It’s not a big house. A one-story experience, where most of the rooms bloom into one another, distinguished simply by stark differences in the flooring textures. (Kitchen, tile; living room, thin-fiber carpet; dining area, wooden boards). His kitchen is slightly chrome, with its gleaming silver countertops stacked around the perimeter. They’re mostly occupied by appliances and magazines and loose pages perforated from academic journals. Miles usually uses the island to prepare dinner. But Waylon is on it right now, and neither of them are hungry.

The space below the blonde’s eyes are purple and dark, a blue quaff of unreadable color. He extends an arm out, long-sleeves nearly reaching his fingertips.

“Give that to me,” he demands of Miles, fingers directing towards the knife block on the counter by the fridge.

He looks younger somehow. Younger than Waylon ever did when they were inside the asylum. He carries a playful boyhood inside of his body and it scares Miles more than the calculated rage of a man. Men, he understands. This thing he cannot reckon with.

 _Which one_? he is on the verge of asking when the handle of a medium-sized knife jerks out of the wooden block slightly farther than its neighbors, distinguishing itself.

When Miles hesitates, Waylon angrily yanks it towards him through space, the clean swoosh of the blade upending the air by Miles’ head. The boy catches it in his palm, twisting his fingers around its hilt. “Really, Miles,” he states impassively with a blink, hoisting himself off the surface and landing delicately on the kitchen floor. “I’m not going to kill you.
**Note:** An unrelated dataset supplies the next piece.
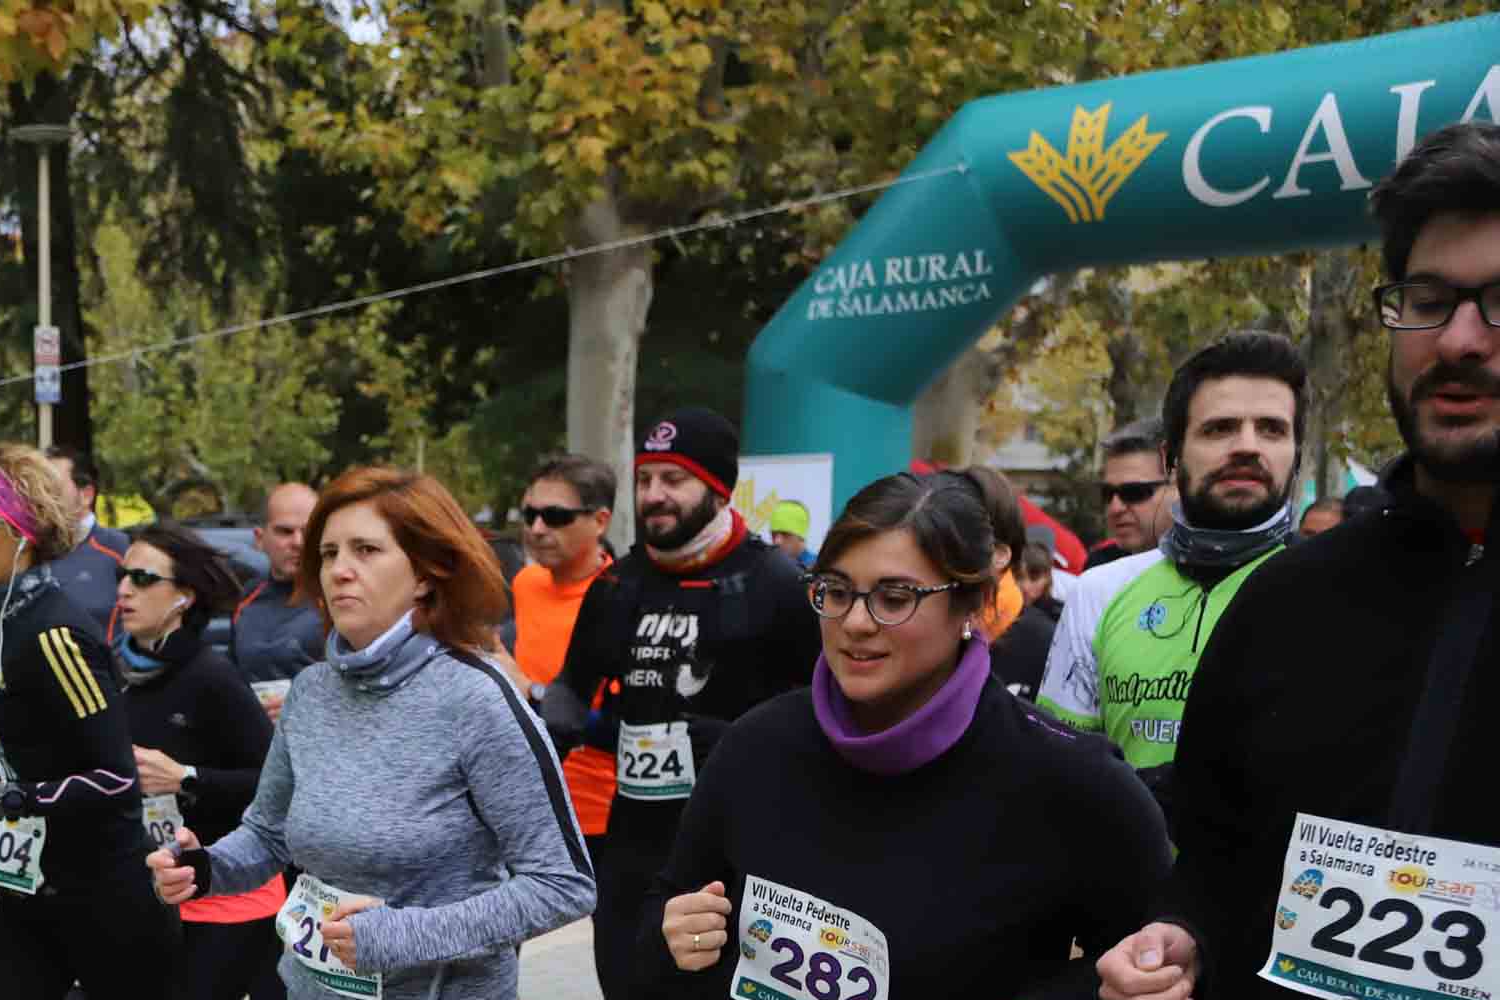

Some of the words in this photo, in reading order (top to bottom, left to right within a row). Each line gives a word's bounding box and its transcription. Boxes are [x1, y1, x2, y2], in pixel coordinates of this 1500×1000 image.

After all this.” He works his way around the other’s back, slipping by his ear. “After all we’ve been through together.”

He walks towards the fridge that stands at the border of the kitchen, before the line is drawn for the living area. He opens its doors, pulling a lime from the bottom shelf. “Let’s have a drink,” he insists.

✒

Bottles are poured, citrus is sliced, rims are salted. Tongues are dipped.

Waylon sits on the arm of Miles’ couch, legs facing away but head angled towards the television. Miles watches him nervously, reluctantly sipping lime-imbued tequila. He observes the clearness of Waylon’s skin, the bright blue flash of his eyes amplified by the television’s gleam. No more is the flesh-sewn creature who lay in the church cemetery with him today. He would not be able to mark down Waylon as any older than a teenager, let alone in his 30’s. The strangeness of this is counteracted almost entirely by the fluid, aged way that the creature speaks.

A thrumming seems to come from Waylon’s skin, an ancient rattling in a hollow jar. Even with the male’s attention fixed on the ridiculous reality tv show, he seems to be soaking up information and repeating back everything he knows in an enticing, subtle tone. Miles feels an overwhelming urge to stand up and waltz with him to it. To kick away all of the journals he’d been reading before the asylum happened, back when he was able to study and learn. Now nothing seems more important than sinking into the shadow of this strange and terrifying non-human composition.

“Hey,” Waylon speaks suddenly, his eyes on Miles. “Wouldn’t it be funny if you forgot who your parents were?”

Miles feels a tinge of panic twist inside him, his brain freezing up. He tries to close his eyes, focus on the slosh of bitter alcohol against his lips, but his mind reluctantly turns to the question. His parents.

He reaches until his eyes strain with the effort, his pulse throbbing with pain. He reaches for their names, their voices, until his brain aches and he feels terror curl up inside his chest and make a permanent bed for itself. He can’t remember _anything_ about his childhood. He can’t remember anything except for the six months before the asylum happened to him.

“Huh,” the other male chimes, turning back to the tv. “Maybe you had too much to drink.”

“Waylon…” Miles whispers. This must be the emptiness he felt after the creature had infiltrated him and taken a memory. Taken _memories_. He hadn’t known so much could be done at once. Hadn’t known what to go back and look for.

The blonde nods towards the drink pressed between Miles’ kneecaps. “You make a poor host, Miles. Don’t let me drink alone.”

The wording isn’t lost on Miles. “Waylon,” he repeats, louder.

Waylon snaps back, his face contoured in anger. “Don’t call me that name,” he orders. His voice is different. Hard, shadowed. Too many decibels and too little octaves. “Call me by _my_ name.”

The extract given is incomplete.